Dominique Nouvian naît Française en décembre 1953 à Constantine, en Algérie. Elle épouse le professeur Folloroux en 1973. Le nouveau marié est enseignant au lycée technique d’Abidjan et sa dulcinée débarque en Côte d’Ivoire en 1975. Elle obtient un poste à la représentation locale de l’Organisation des Nations unies. Dès 1979, elle devient Président-directeur général de l’Agence internationale de commercialisation immobilière (AICI). Elle conquiert la Côte d’Ivoire dans le sens inverse des troupes soutenant aujourd’hui son actuel mari. Partie d’Abidjan, elle étend le réseau de l’entreprise aux provinces ivoiriennes, notamment Yamoussoukro, Bouaké, San Pedro et Jacqueville.

En 1989, l’ambitieuse femme d’affaires implante AICI en France : antenne parisienne dans le XVIe arrondissement, puis lancement, en 1991, d’une agence à Cannes. En 1993, la compagnie s’enrichit d’un cabinet de gestion de syndic de copropriété, Malesherbes Gestion, qui gère plus de deux cents immeubles à Paris. Puis le groupe reprend son expansion sur le continent africain. Il s’installe au Gabon en 2001 et au Burkina Faso en 2006. Il emploie aujourd’hui plus de 250 personnes.

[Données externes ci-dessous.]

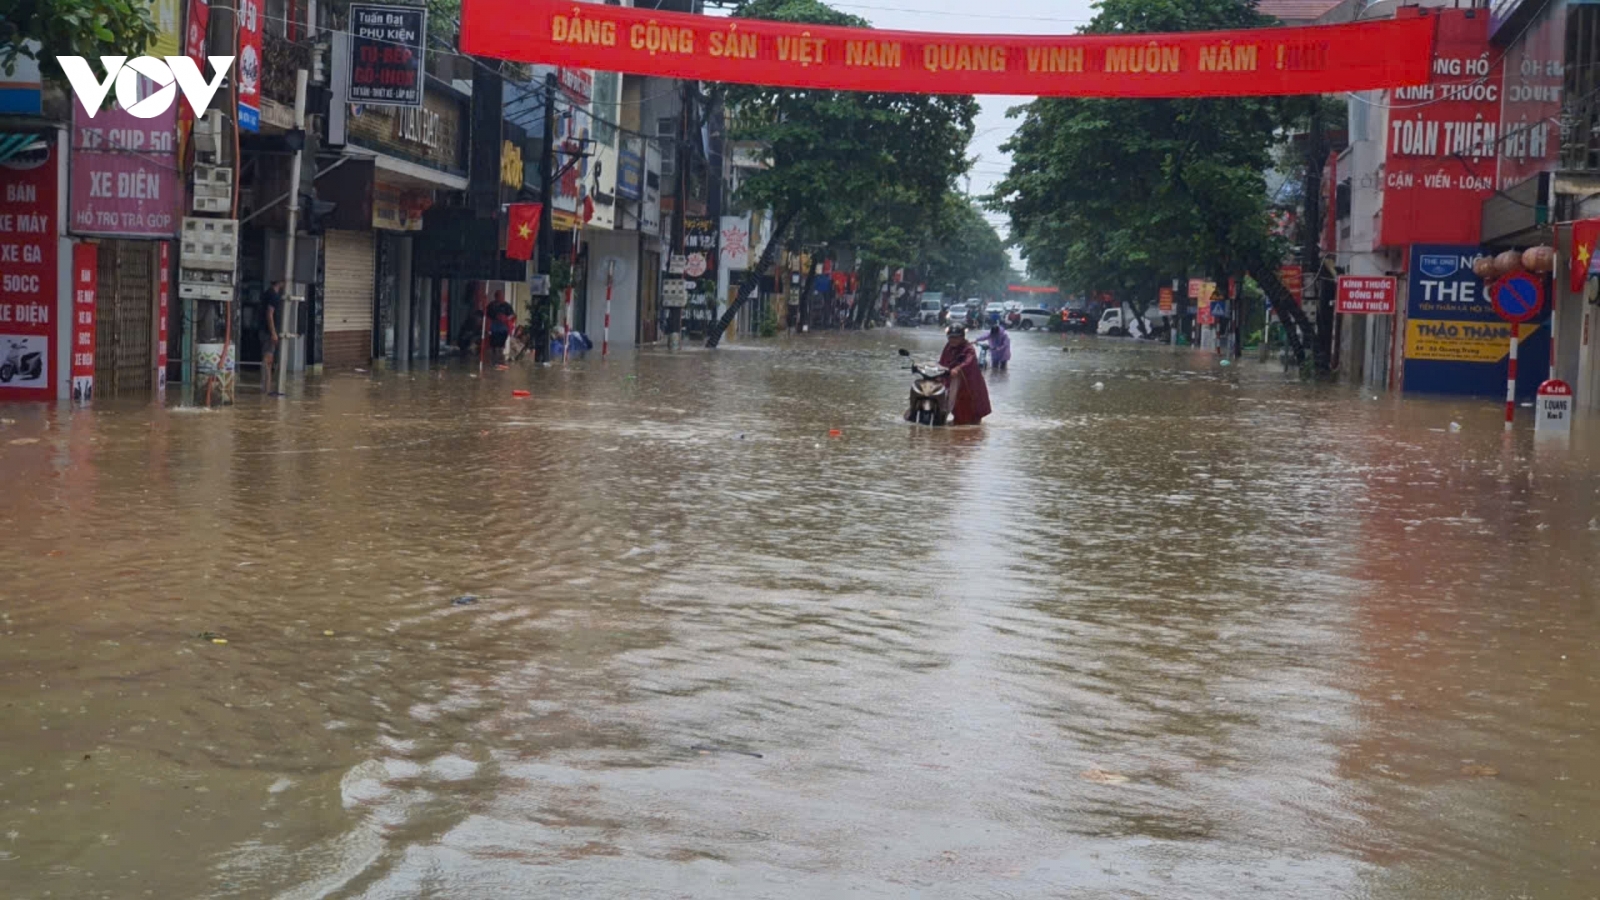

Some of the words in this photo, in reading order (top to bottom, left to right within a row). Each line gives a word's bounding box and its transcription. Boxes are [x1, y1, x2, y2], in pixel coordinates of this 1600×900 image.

[387, 28, 415, 42] KIỆN
[553, 7, 616, 46] ĐẢNG
[631, 20, 693, 55] CỘNG
[709, 23, 757, 59] SẢN
[777, 32, 826, 67] VIỆT
[846, 40, 901, 67] NAM
[924, 45, 1006, 72] QUANG
[1027, 46, 1083, 73] VINH
[1105, 41, 1180, 73] MUÔN
[1199, 40, 1257, 72] NĂM
[1433, 52, 1460, 75] NG
[1466, 52, 1489, 76] HỒ
[1440, 76, 1497, 101] THUỐC
[81, 128, 103, 153] XE
[109, 129, 145, 155] CUP
[151, 131, 171, 157] 50
[1392, 112, 1438, 156] TOÀN
[1444, 113, 1496, 164] THIỆN
[7, 180, 36, 202] BÁN
[90, 171, 112, 198] XE
[118, 167, 160, 205] ĐIỆN
[1388, 170, 1413, 190] CẬN
[17, 211, 48, 232] MÁY
[1, 245, 19, 262] XE
[23, 245, 41, 262] GA
[3, 275, 40, 293] 50CC
[1420, 280, 1475, 303] THE
[16, 301, 49, 326] ĐIỆN
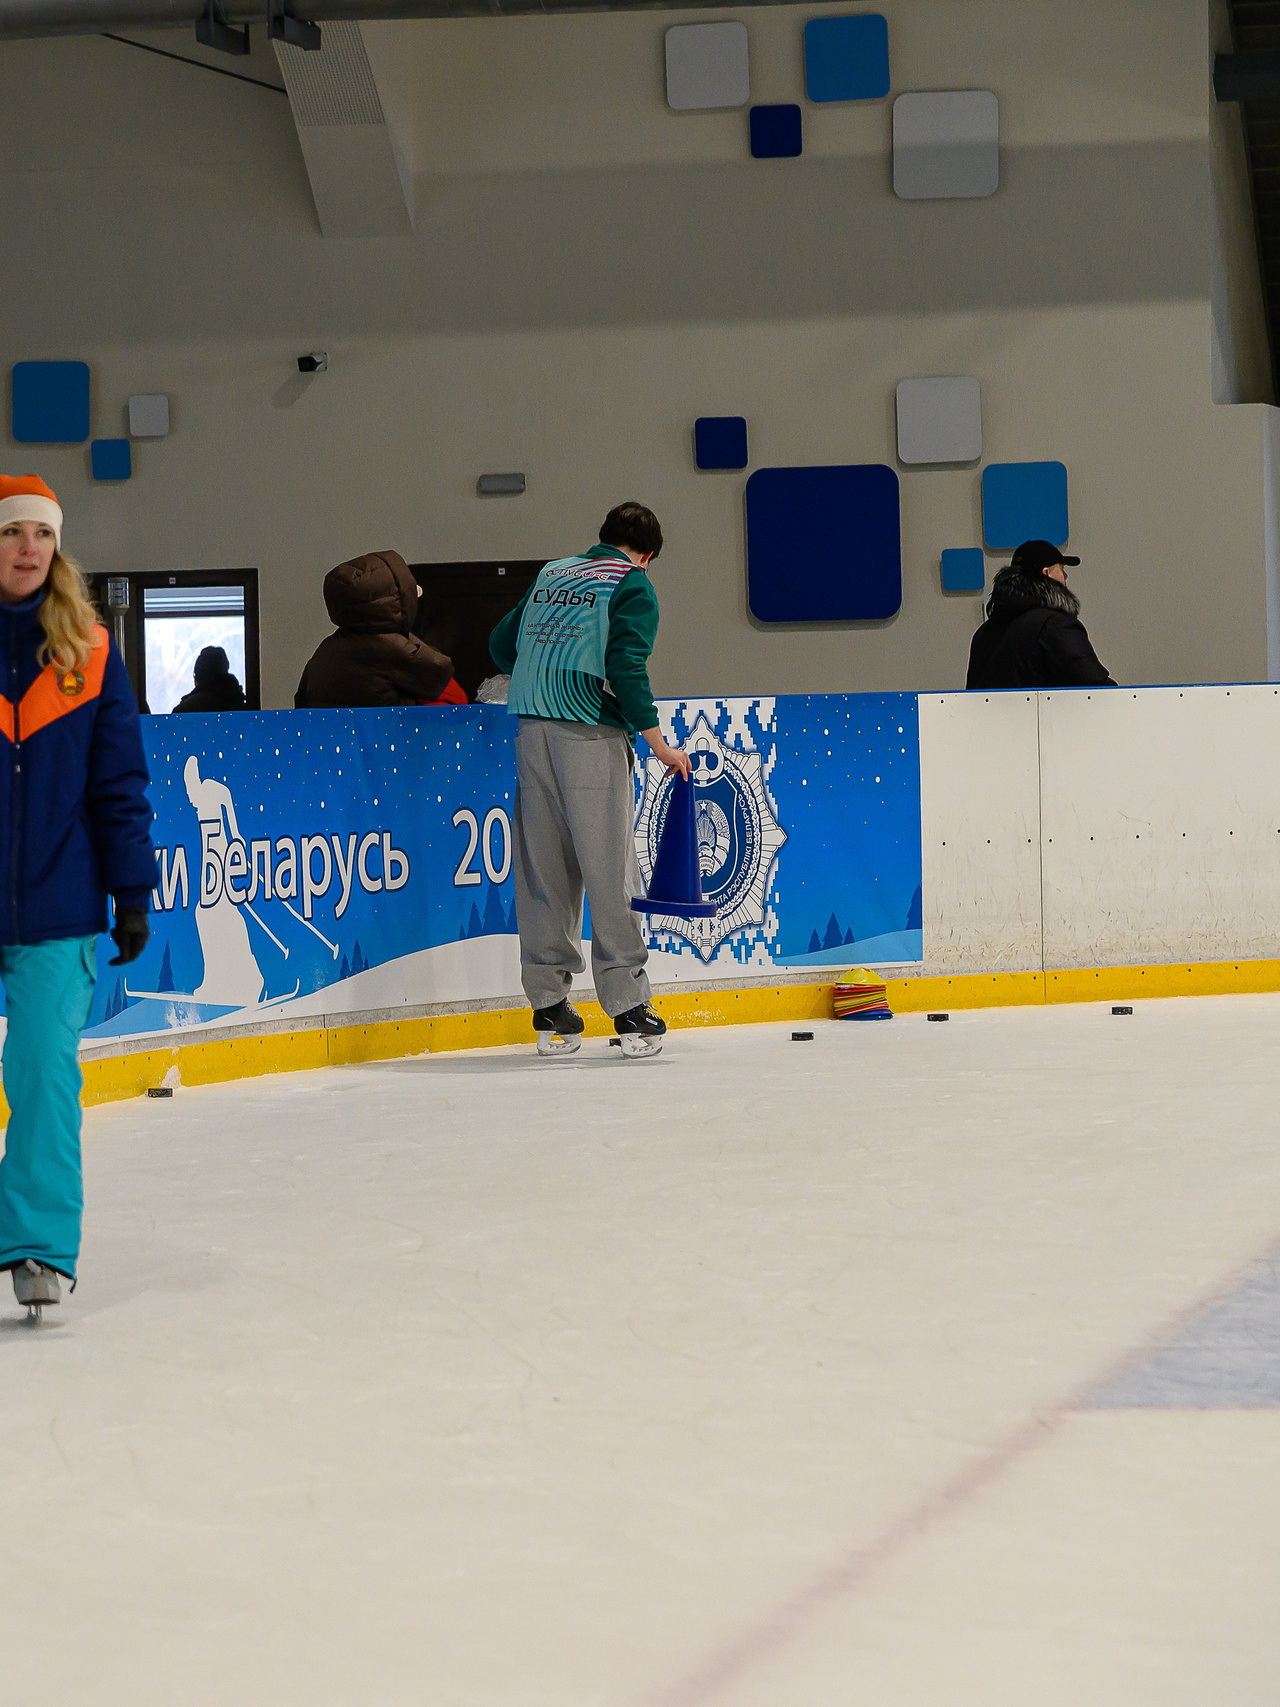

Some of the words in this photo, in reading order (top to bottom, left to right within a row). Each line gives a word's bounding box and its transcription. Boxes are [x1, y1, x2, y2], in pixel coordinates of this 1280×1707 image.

[533, 588, 597, 609] СУДЬЯ
[738, 794, 752, 844] БЕЛАРУСЬ
[199, 817, 411, 919] Беларусь
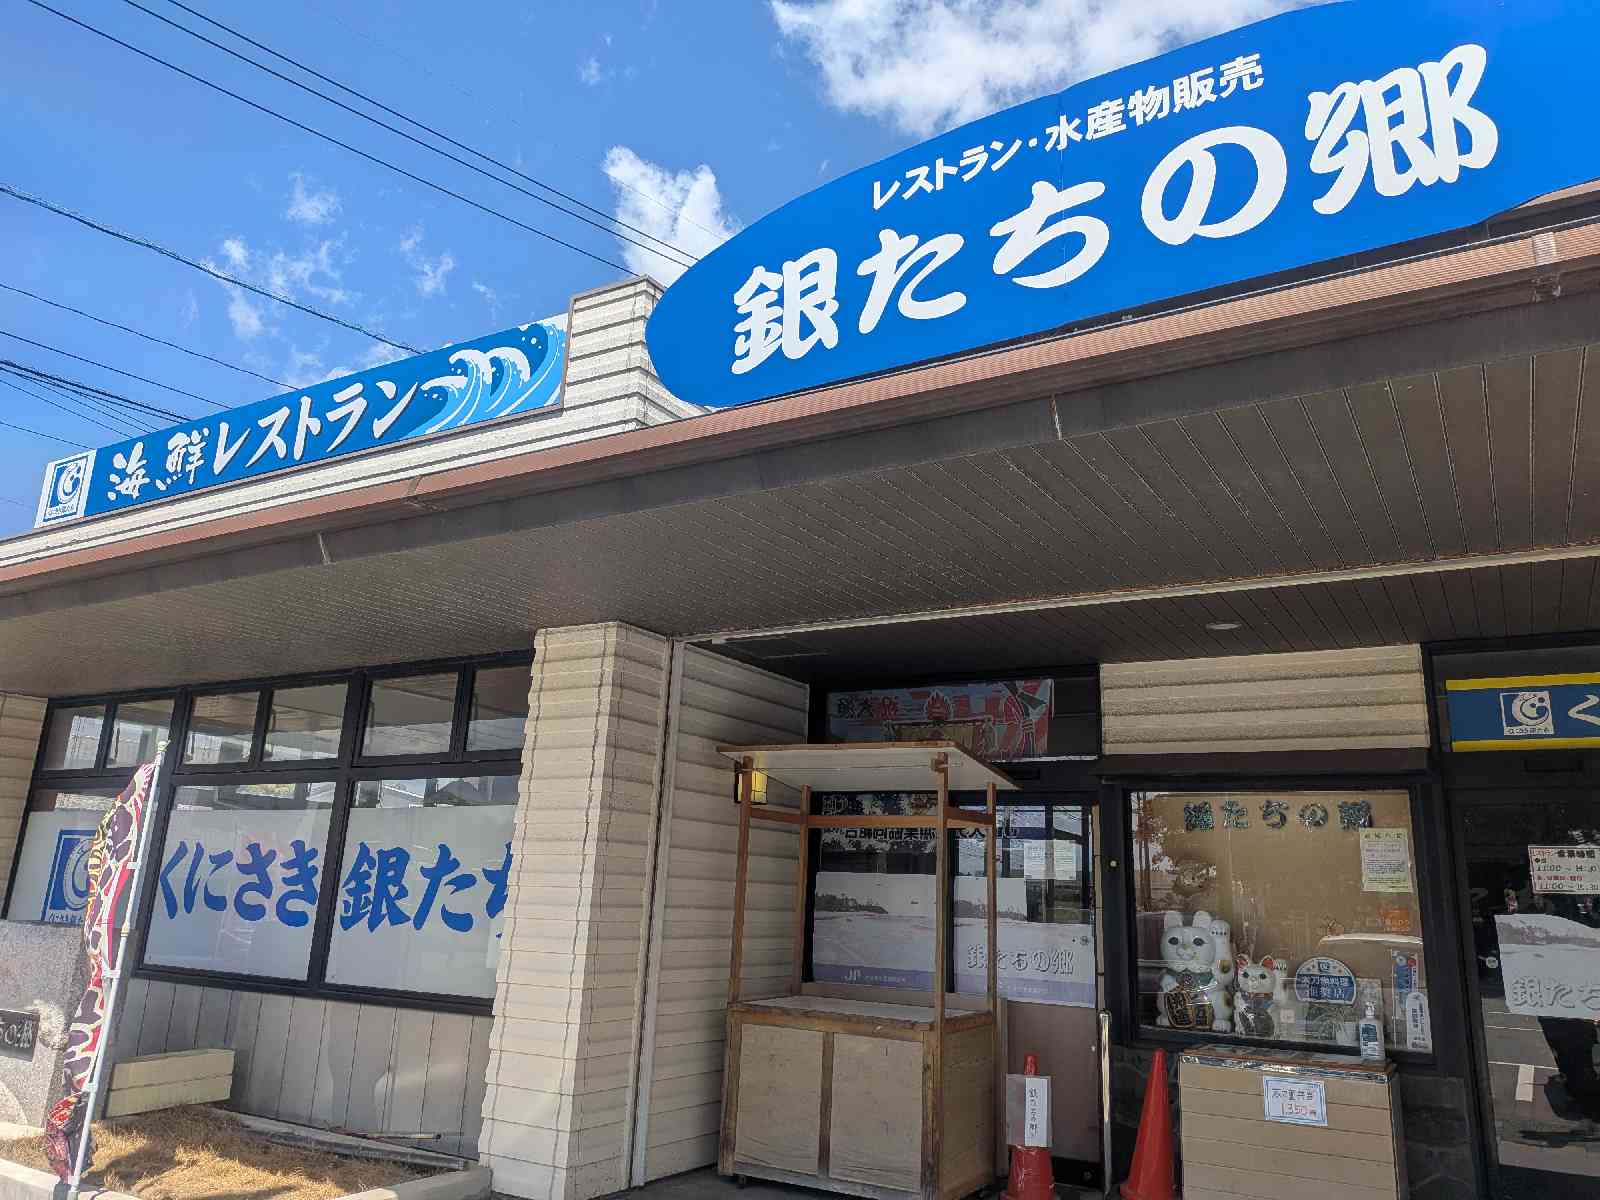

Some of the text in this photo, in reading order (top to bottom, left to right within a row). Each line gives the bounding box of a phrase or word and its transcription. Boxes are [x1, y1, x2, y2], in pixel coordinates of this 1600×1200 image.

[731, 43, 1499, 376] 銀たちの郷
[872, 53, 1265, 210] レストラン・水産物販売
[107, 380, 417, 500] 海鮮レストラン

Parallèlement, en 1996, Dominique devenue madame Ouattara est nommée présidente et Chief Executive Officer de la société EJD Inc. Par ce biais, elle acquiert, en 1998, les franchises du coiffeur Jacques Dessange aux Etats-Unis. Le brushing toujours impeccable, elle devient alors président-directeur général du salon French Beauty Services à Washington. Elle est également propriétaire de la marque Nostalgie Afrique. En 2000, à Venise, le prix The Leading Women Entrepreneurs of the World la classe parmi les quarante femmes d’affaires les plus influentes de la planète.

La rencontre avec « ADO »

La businesswoman Dominique épouse le banquier Alassane Dramane Ouattara (ADO) en 1990. Leurs carrières internationales respectives font des deux tourtereaux un couple riche. Ils possèdent des villas à la Riviera Golf d’Abidjan, à Neuilly ou à Mougins dans le Sud de la France. Ils fréquentent le gotha économique ou politique international. De manière générale, la richesse personnelle d’un nouveau président de la République rassure les populations africaines. Celui qui est repu n’aura pas besoin de se goinfrer du budget national. Mais l’appartenance à la jet set pourrait garder les époux à l’écart du peuple « d’en bas ». Dominique semble l’avoir compris. Elle se dédouane de sa fortune en s’investissant dans l’incontournable caritatif.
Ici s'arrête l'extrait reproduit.